Nearly all education systems, and many human resource departments, administer tests. They aim to fairly assess various abilities of people they wish to train, promote, or admit. But the traditional way of administering tests suffers from a deep, systemic flaw — it is sensitive to the choice of questions being administered.
A test cannot practically ask every possible question in the tested field. So, a typical test poses a small, fixed number of questions, and scores people based on number of correct answers. This can make results inaccurate, and may introduce bad bias.
How can we improve grading accuracy, while maintaining (or reducing) test length? The field of “Item Response Theory” was born, to answer this question.

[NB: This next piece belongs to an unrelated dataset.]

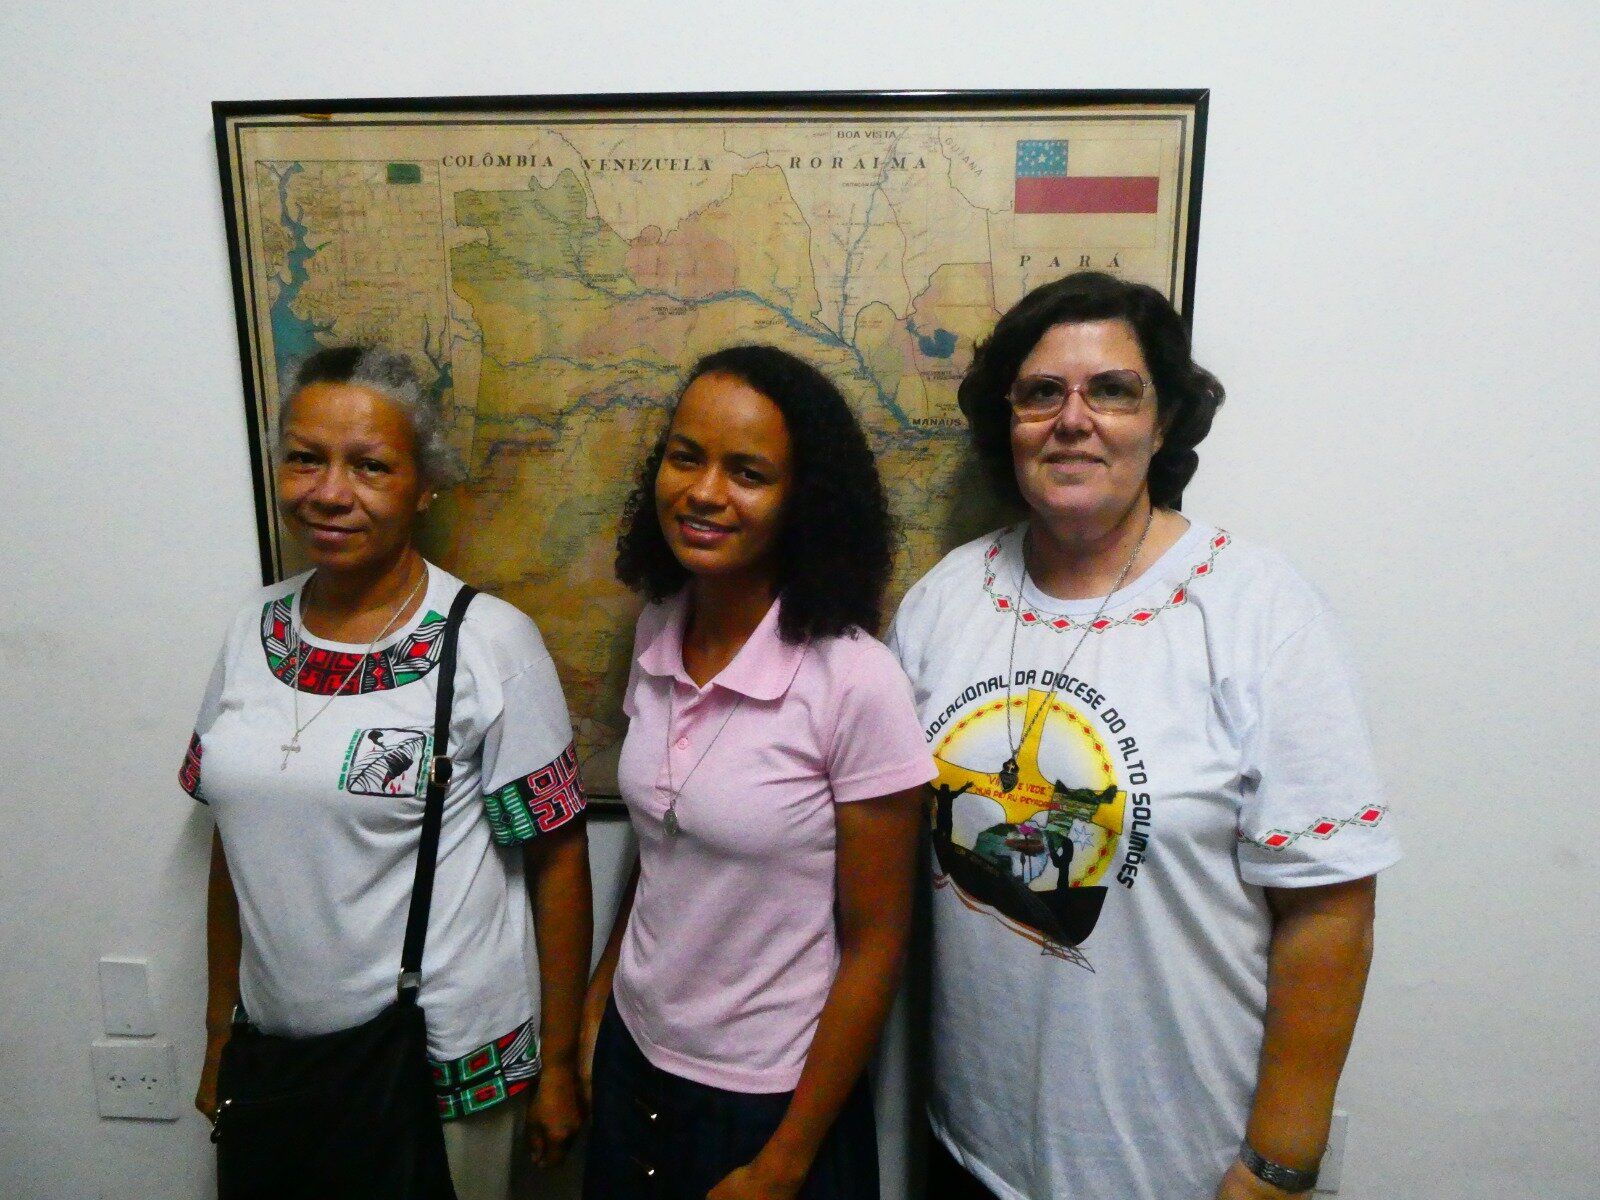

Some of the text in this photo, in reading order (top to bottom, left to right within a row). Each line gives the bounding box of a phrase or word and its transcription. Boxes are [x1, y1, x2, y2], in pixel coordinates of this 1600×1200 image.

Item response theory (IRT) grades question difficulty from easy to hard, and then grades test takers' ability not based on the number of questions they can answer correctly, but based on the difficulty of the questions that they can answer correctly. IRT lets us create fixed and adaptive tests which are less tedious, more accurate and less biased all at the same time.
But there is a catch.
Let's say we have a pool of people, each of whom has answered some subset of a pool of questions. Further, let's make no assumptions about how questions might have been chosen from the pool.
Now, if we knew the difficulty of each question, we could grade the ability of the test taker. A test taker that answers a more difficult question has higher ability. On the other hand, if we knew the ability of each test taker, we could calculate the difficulty of a question. A question that a high-ability person finds hard to answer probably is a difficult question.
But what if we know nothing about either test taker ability or question difficulty to begin with?
We devised a graph-based bootstrapping algorithm to solve this chicken-and-egg problem. With our algorithm, we transform bare data about questions and answers into information about question difficulty, as well as person ability. Our algorithm helps analyse past test datasets to find question difficulties, so that future tests can be administered more accurately. Our algorithm is useful in many educational and HR scenarios.